#### How to complete this task
With the pictures removed, please write out every line below exactly as given.

#### Dataset extract
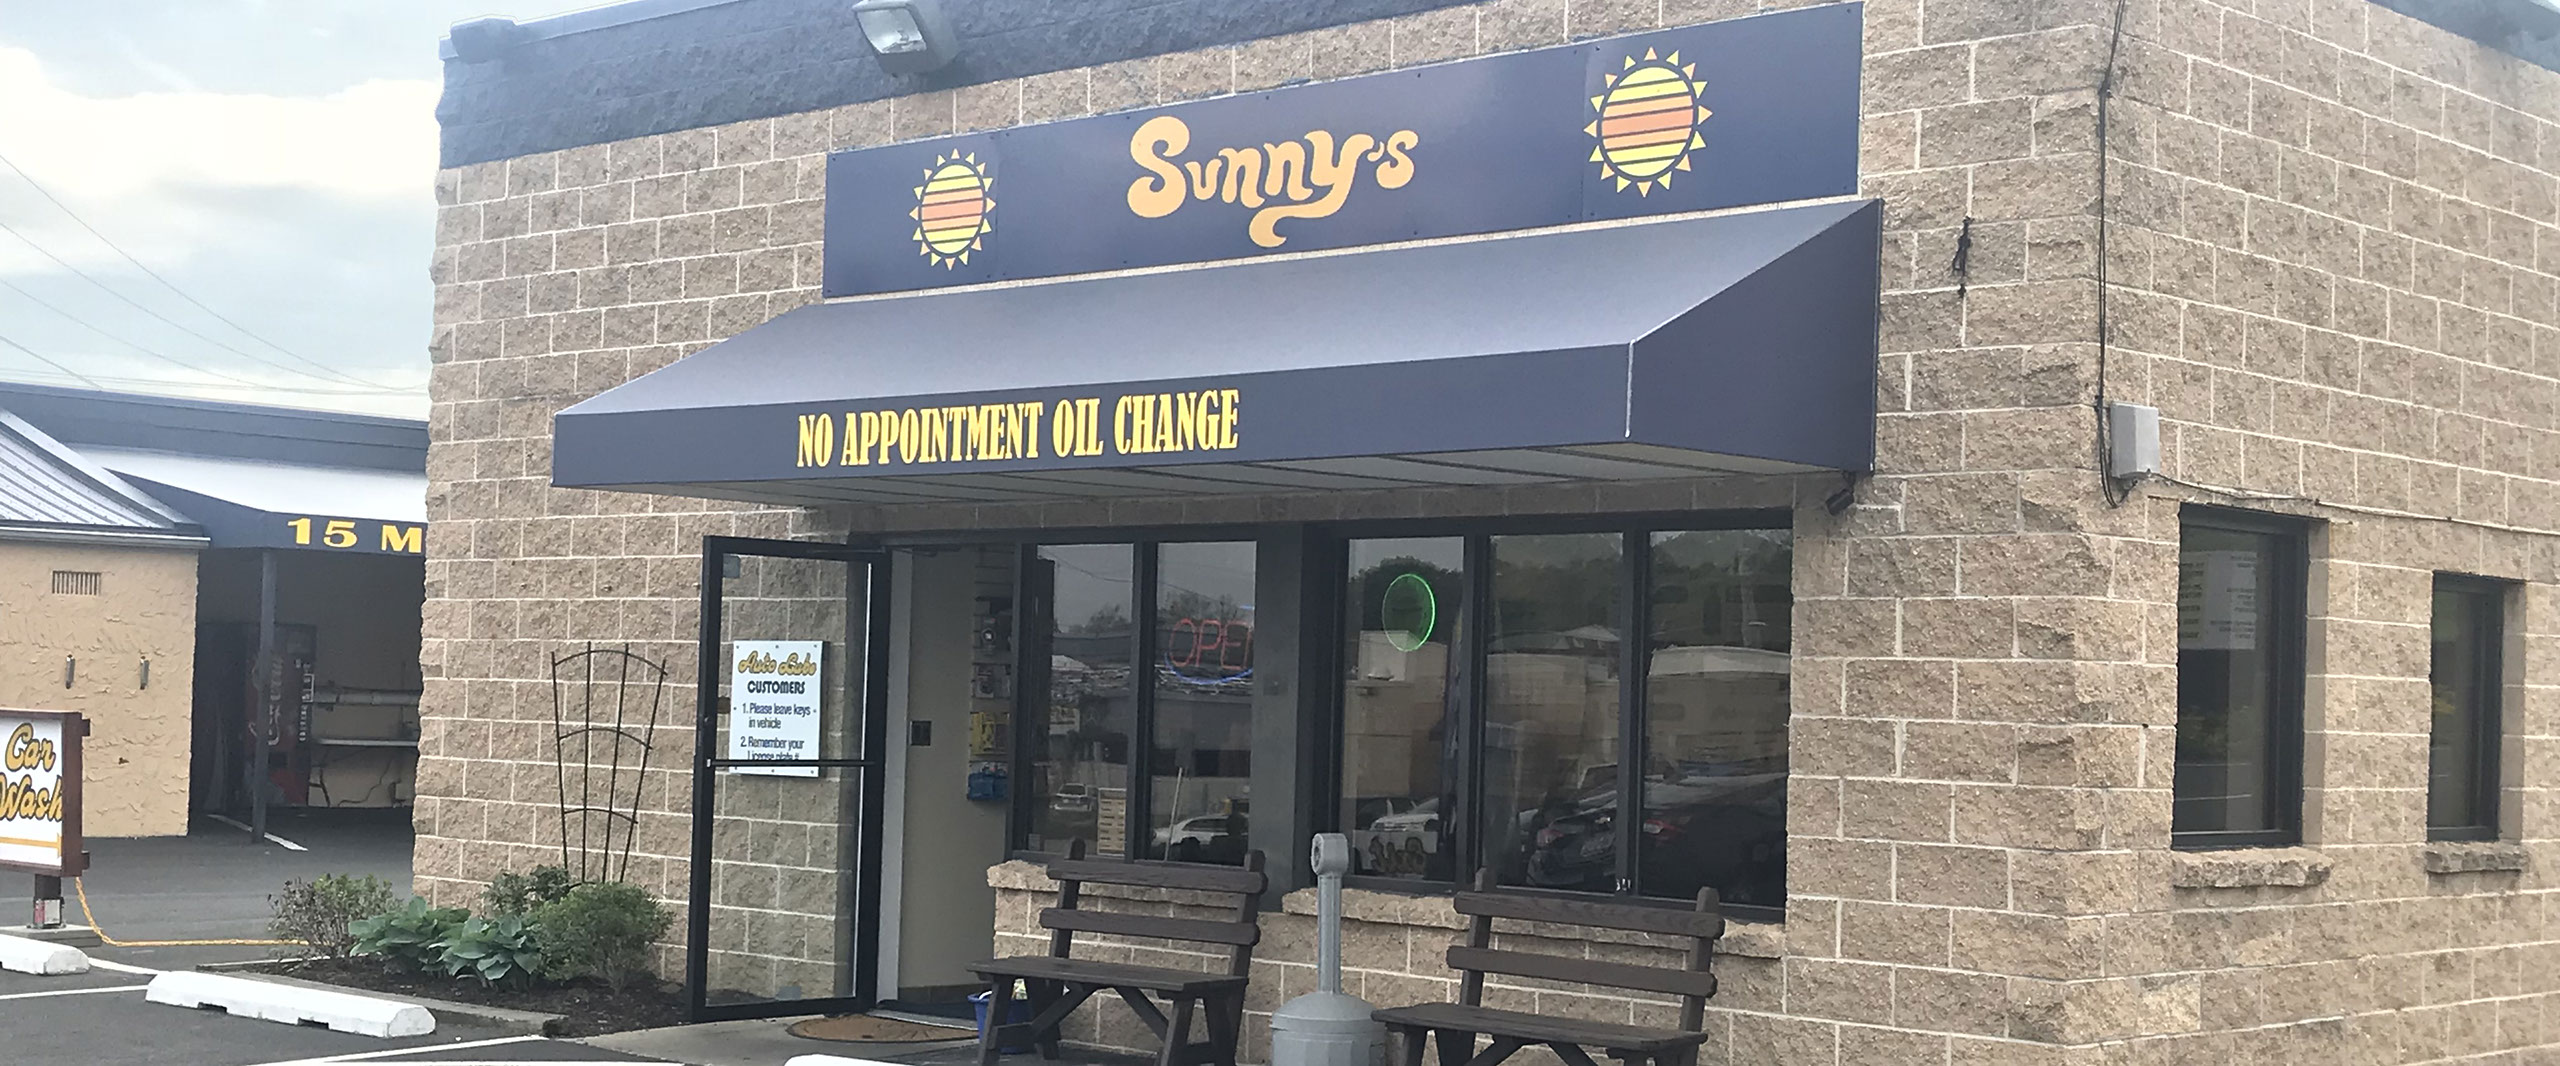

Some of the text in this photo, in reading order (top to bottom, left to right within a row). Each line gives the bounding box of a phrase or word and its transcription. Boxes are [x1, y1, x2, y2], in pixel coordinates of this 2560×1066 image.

[1127, 115, 1419, 248] Sunny's
[797, 389, 1239, 468] NO APPOINTMENT OIL CHANGE
[287, 517, 358, 549] 15
[1169, 617, 1254, 670] OPE
[738, 650, 817, 676] Auto Lube
[747, 680, 805, 694] CUSTOMERS
[742, 703, 811, 718] 1. Please leave keys
[748, 716, 782, 729] in vehicle
[5, 722, 56, 772] Car
[748, 736, 787, 749] Remember
[788, 740, 804, 751] your

#### Expected answer
Some of the text in this photo, in reading order (top to bottom, left to right within a row). Each line gives the bounding box of a phrase or word and its transcription. Boxes are [x1, y1, x2, y2], in pixel coordinates of this 2560×1066 image.

[1127, 115, 1419, 248] Sunny's
[797, 389, 1239, 468] NO APPOINTMENT OIL CHANGE
[287, 517, 358, 549] 15
[1169, 617, 1254, 670] OPE
[738, 650, 817, 676] Auto Lube
[747, 680, 805, 694] CUSTOMERS
[742, 703, 811, 718] 1. Please leave keys
[748, 716, 782, 729] in vehicle
[5, 722, 56, 772] Car
[748, 736, 787, 749] Remember
[788, 740, 804, 751] your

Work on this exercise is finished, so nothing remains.